→ **Exercise directions**
In your copy, set down the entries exactly and exclude the pictures.

→ **Supplied material**
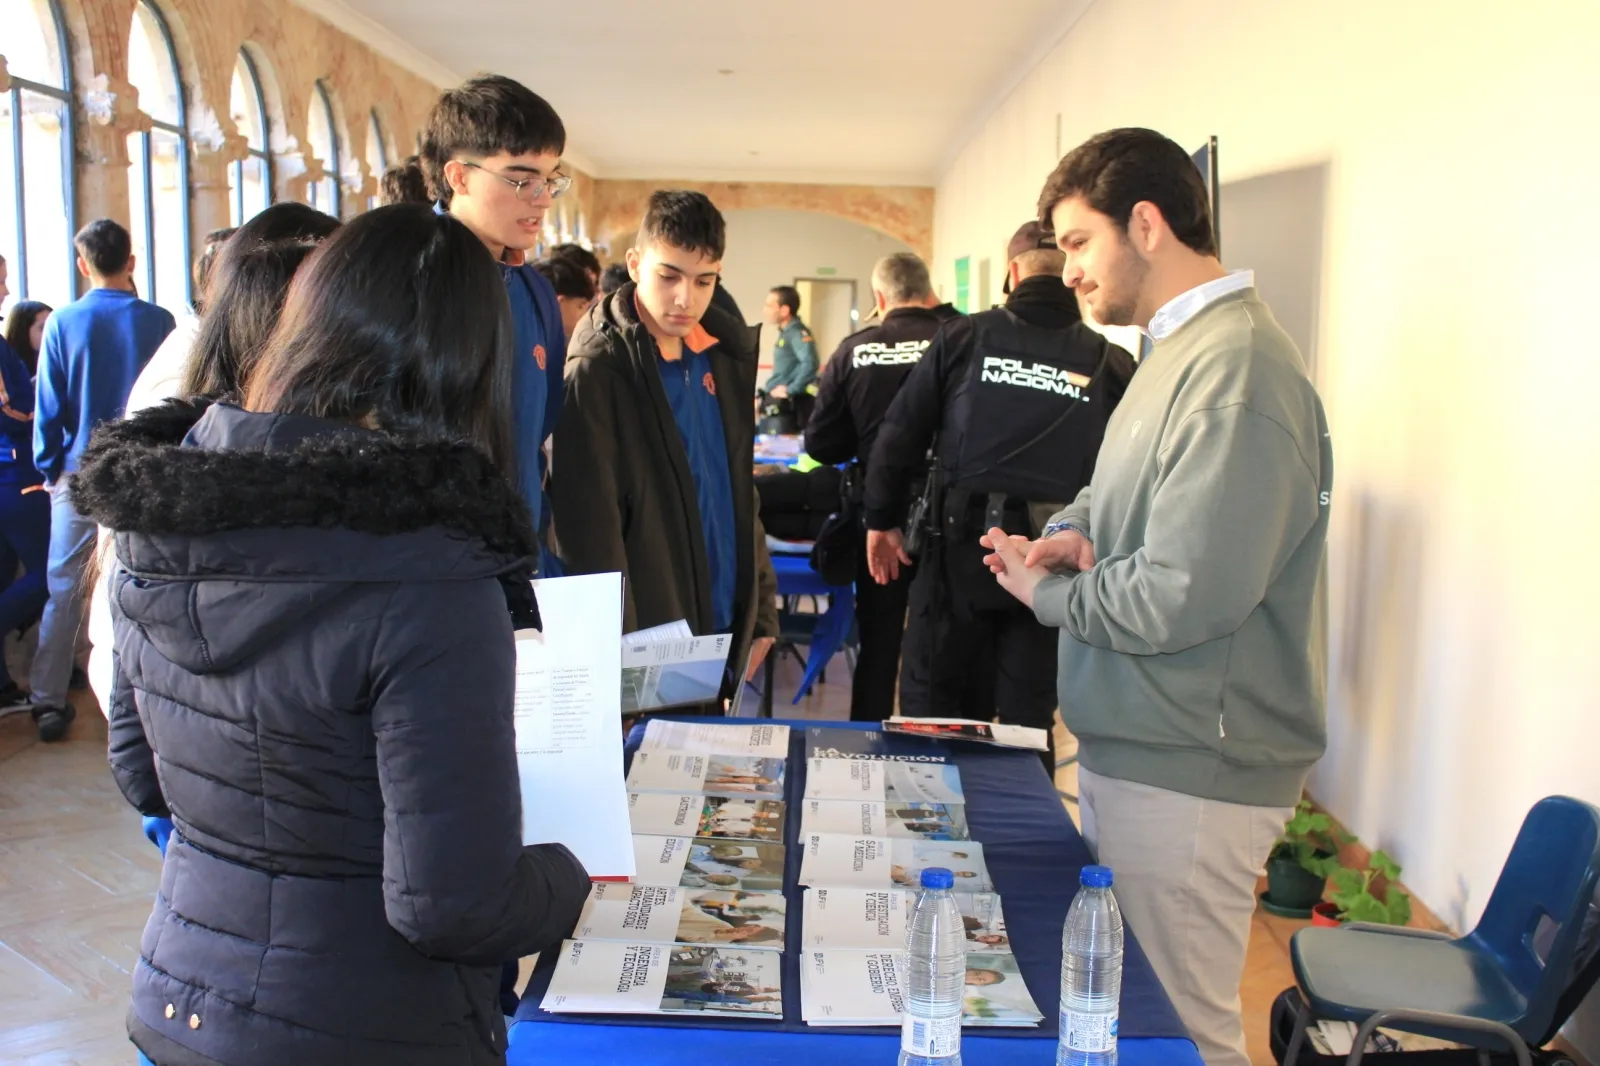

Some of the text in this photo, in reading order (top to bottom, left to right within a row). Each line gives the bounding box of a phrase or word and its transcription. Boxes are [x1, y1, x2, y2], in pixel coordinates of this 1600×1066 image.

[853, 340, 930, 355] POLICIA
[983, 356, 1071, 384] POLICIA
[852, 845, 865, 872] MEDICINA
[865, 840, 876, 861] SALUD
[865, 898, 877, 922] CIENCIA
[878, 892, 890, 936] INVESTIGACIÓN
[616, 952, 637, 993] TECNOLOGÍA
[632, 946, 652, 987] INGENIERÍA
[867, 959, 884, 994] GOBIERNO
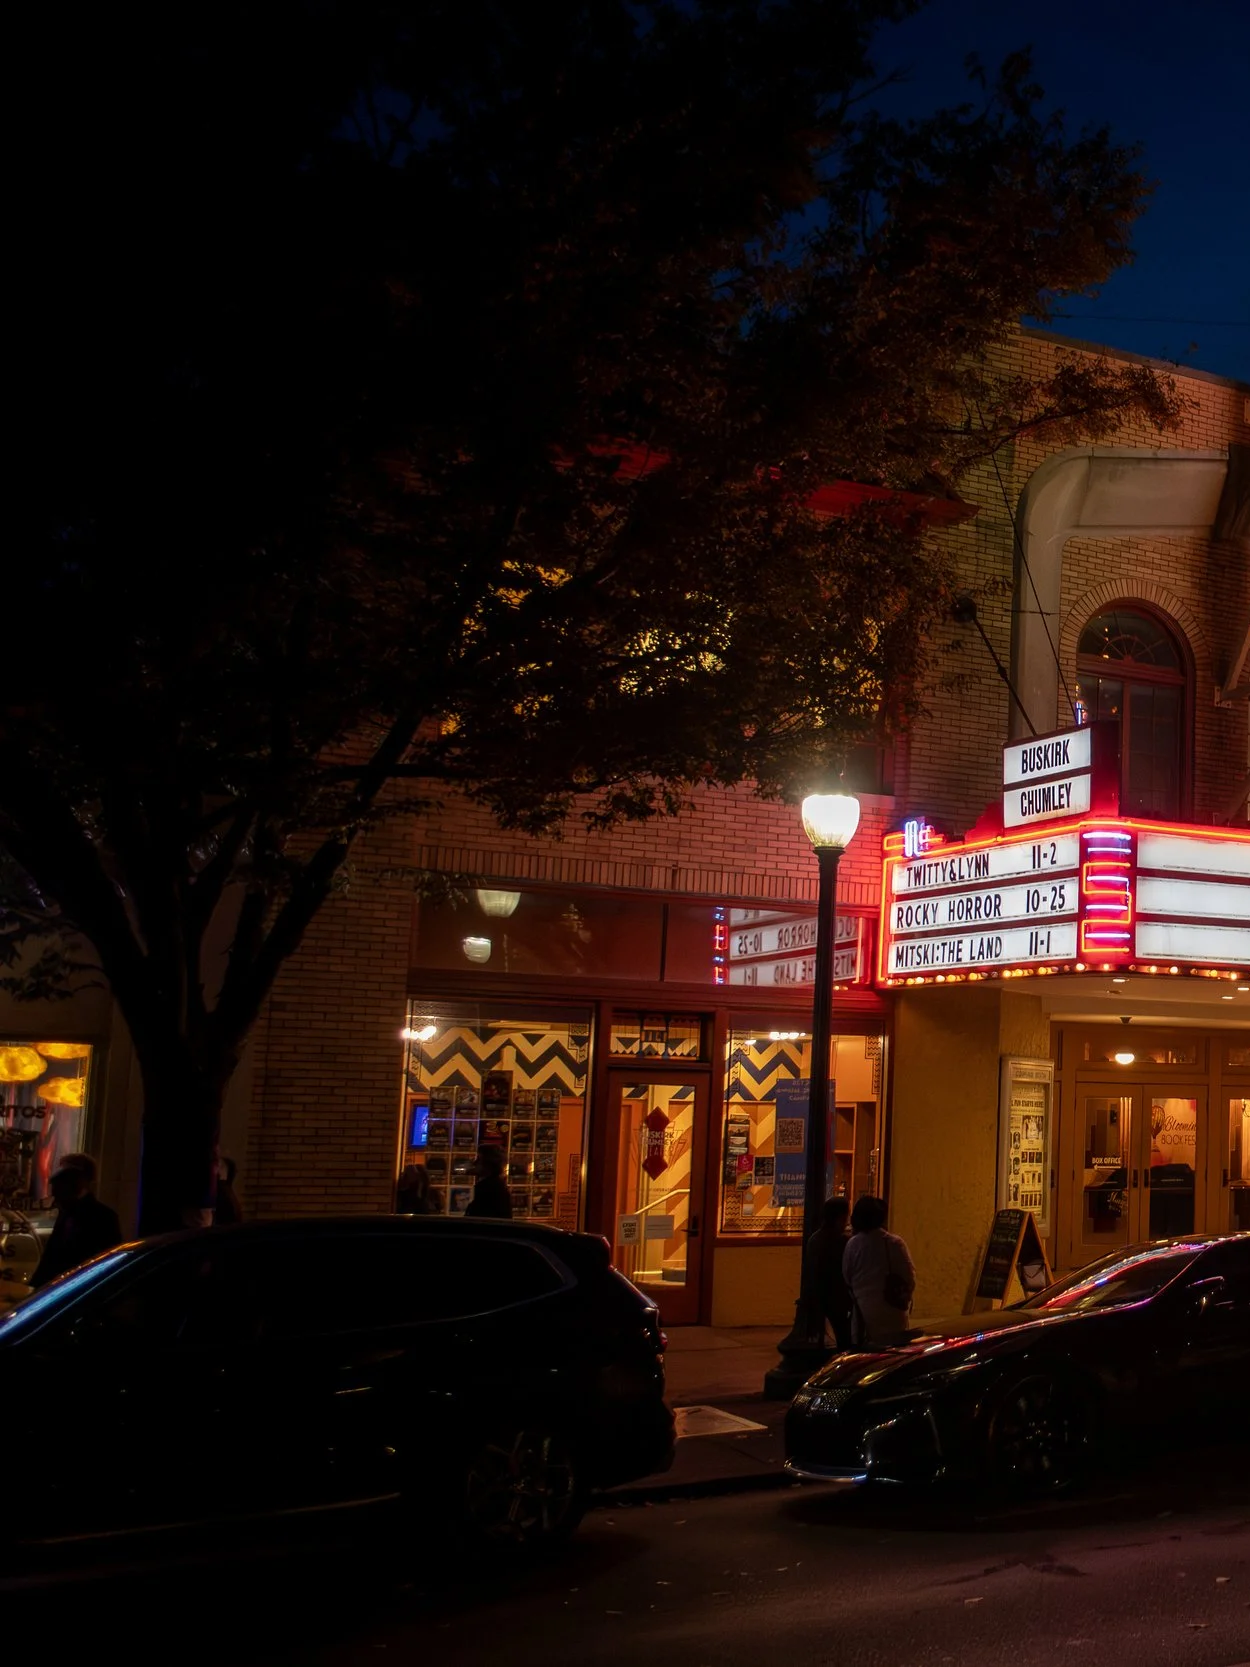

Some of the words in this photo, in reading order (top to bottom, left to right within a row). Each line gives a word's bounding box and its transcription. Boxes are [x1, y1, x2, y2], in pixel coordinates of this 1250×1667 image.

→ **Solution**
Some of the text in this photo, in reading order (top to bottom, left to right within a row). Each line gives the bounding box of a phrase or word and its transcription. Boxes are [x1, y1, x2, y2], in pixel coordinates of this 1600×1066 image.

[853, 340, 930, 355] POLICIA
[983, 356, 1071, 384] POLICIA
[852, 845, 865, 872] MEDICINA
[865, 840, 876, 861] SALUD
[865, 898, 877, 922] CIENCIA
[878, 892, 890, 936] INVESTIGACIÓN
[616, 952, 637, 993] TECNOLOGÍA
[632, 946, 652, 987] INGENIERÍA
[867, 959, 884, 994] GOBIERNO

Some of the words in this photo, in reading order (top to bottom, left to right within a row). Each line gives a word's bounding box and its transcription. Boxes are [x1, y1, x2, y2], in pixel coordinates of this 1250×1667 image.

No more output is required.